Often launches do get delayed, and often we have had to air freight some stock in to try and keep to a reasonable launch timeline. That does tend to eat into our product margin, but really, it's primarily a short-term thing, and we think it's better to get the product launched even if we do wear some extra cost to do that. Over time, we do primarily sea freight, which is generally a lot cheaper. By the end of FY 2025, so that's over a three-year horizon, we are launching 76 new products into the Australasian, Australian, New Zealand market. This year, we just signed off an additional NZD 10 million of expenditure on sales and distribution to really support the new product launches. In fact, it's a bit more than that.

In our budget it's about NZD 10.7 million, so almost NZD 11 million. Also too, we are, we've got a new dedicated GP sales force for the Australian market, which we're going to bring in-house, so they are working directly for AFT. Look, that's a bit of a snapshot on our, on our new products. Moving on to page eight, which is our Asian business segment. Sales in Asia grew 26% comparison with last year. What we've been focusing on is the OTC area, where in Singapore, we've taken on ASX-listed McPherson's to assist us with distribution and selling at a local level and to drive those OTC sales.

We saw more than doubling of our OTC business, which in part was Singapore, but also we've seen good Maxigesic growth in Malaysia and Hong Kong as well. Yeah, we are starting to pick up some momentum in that area. Our hospital business as well, which is still quite a large chunk of the pie presently, also grew by about 44%. That's still quite a chunk of the business. Certainly we are focusing on the OTC side as well because that's an area we want to grow out in the future. That's slide number eight. Moving on to slide number nine, international. We saw strong organic sales growth. The licensing income, as I mentioned, is relatively lumpy, so we didn't have any significant licensing income.

Overall, there was a decrease in international sales if you're looking at overall sales being licensing income plus product sales and royalties. If you strip out the licensing income, the product sales and royalties grew by 68%. We're certainly seeing good growth of product sales and also good growth in royalties as well. One of the key items that also did does impact for the whole year, the licensing income is United States Maxigesic IV. Presently there has been a delay. We're still confident of registration next calendar year.

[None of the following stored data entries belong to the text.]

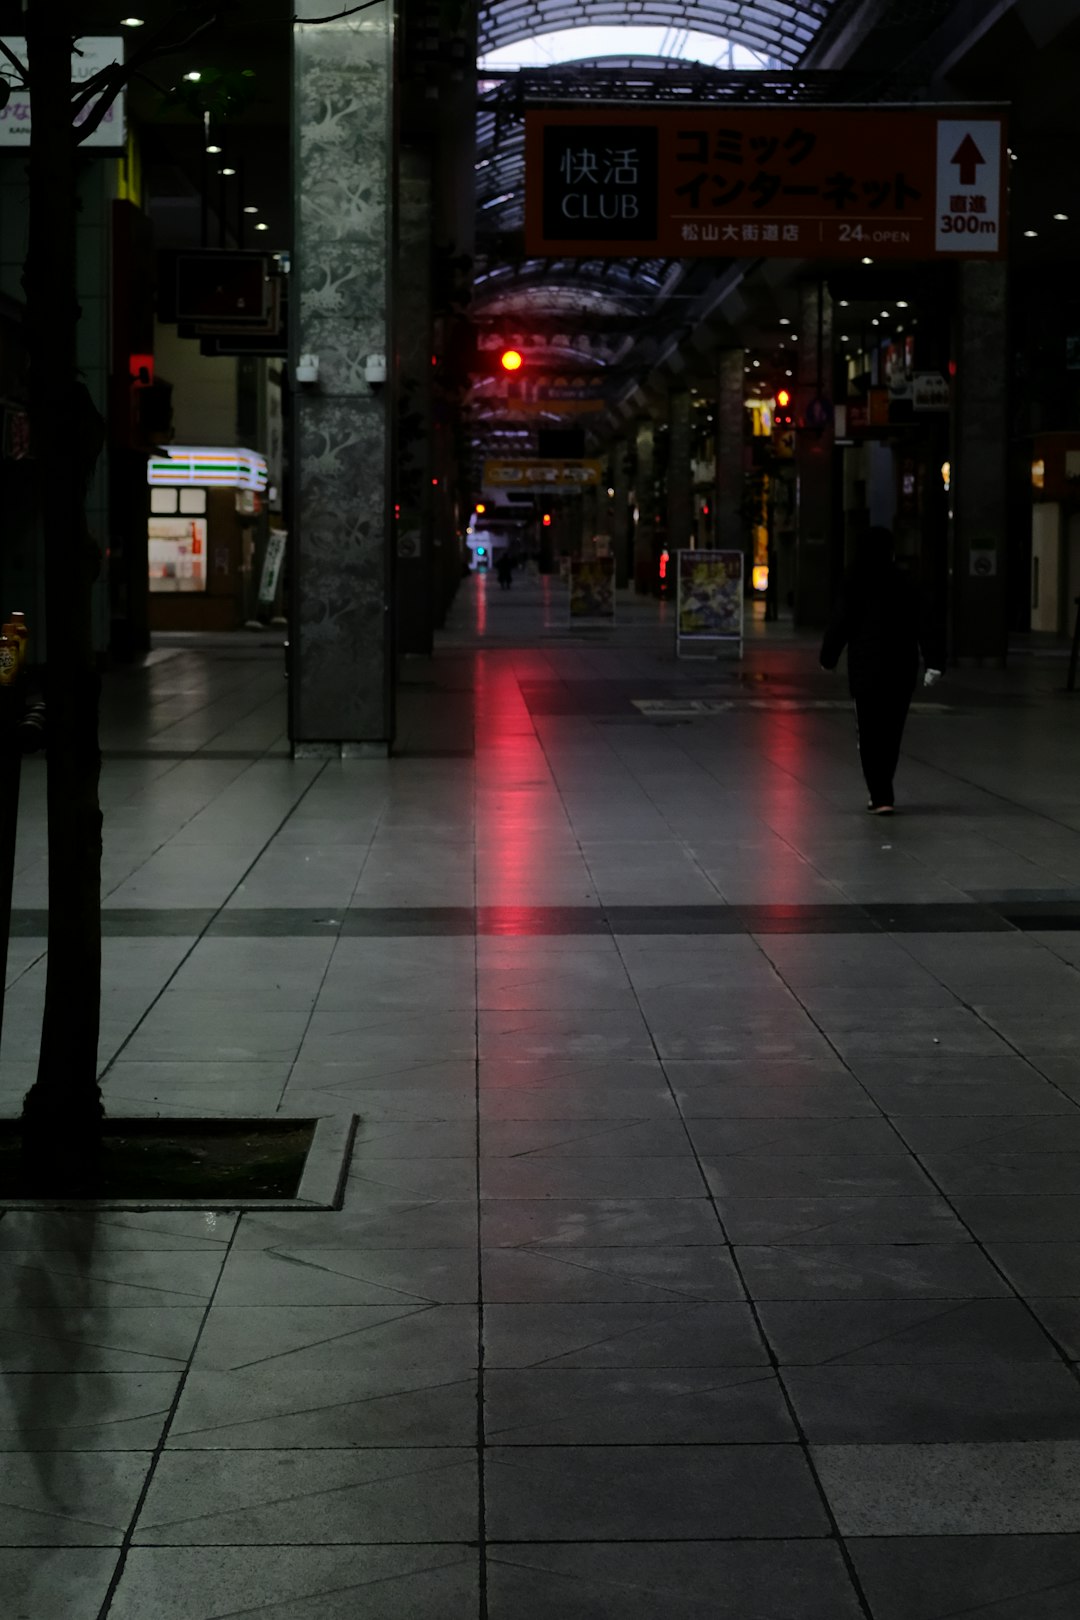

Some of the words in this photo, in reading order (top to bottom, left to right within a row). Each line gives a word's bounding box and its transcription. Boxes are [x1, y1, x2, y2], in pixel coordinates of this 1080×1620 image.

[676, 127, 816, 165] コミック
[559, 147, 640, 185] 快活
[674, 171, 922, 210] インターネット
[561, 193, 640, 219] CLUB
[950, 195, 986, 213] 直進
[680, 223, 800, 242] 松山大街道店
[941, 215, 996, 234] 300m
[872, 231, 911, 243] OPEN

Basically we have to go back to FDA with some additional data on what's called Extractables and Leachables, which is out of the glass and the bung of the Maxigesic IV container, and that work is presently underway in the U.S.. We did have a slightly slower rollout of Maxigesic dose forms. We had originally targeted 90 countries. We believe for this year, it's going to be more like 70, or sorry, next year, we believe it's more going to be like 73 down from 90. We have put Russia on hold, and also in countries like a lot of the African countries, certainly, COVID has slowed down the regulatory progress in those countries. That has slowed some things down a bit. Still we're getting good growth in overall product sales and royalties.

It's that page, going on to page number 10, which is our global map. Look, this is just a snapshot. I think as we've explained before, we basically have countries we've launched in are in yellow, countries we're in registration are in blue, or have agreements are in blue, and then countries where we haven't got agreements are in white. The key countries at the moment are China, where we're still undergoing discussions, and China certainly has been very much slowed down by COVID restrictions presently. Also Japan, we have discussions underway still, and Brazil as well, and we also have some discussions starting in Argentina. Those are really the primary bits of the blank white on the map. And countries like India, we decided not to target that at all, so that won't change.

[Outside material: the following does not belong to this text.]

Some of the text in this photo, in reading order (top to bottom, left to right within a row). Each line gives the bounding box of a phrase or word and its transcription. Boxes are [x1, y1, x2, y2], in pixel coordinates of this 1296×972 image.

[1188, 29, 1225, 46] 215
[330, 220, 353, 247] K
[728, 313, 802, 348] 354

That's page number 10. Going to page number 11, the R&D pipeline. The approach we've taken is that we believe presently is an opportunity. Like effectively, we've gone shopping, I guess, is one way of putting it. Where we've gone out to seek additional in-licensing, additional R&D, whereas a couple of years ago, we were focused on paying down our CRG loan facility, but now we're actually looking at investment and putting our foot on the accelerator, both with sales, but also with R&D as well. Our expenditure though is relatively flat. In the first half, it was pretty much as expected and still sticking within our guidance of spending about NZD 12 million per annum. The projects we have underway is our NasoSURF, which is our patented ultrasonic nasal mesh nebulizer.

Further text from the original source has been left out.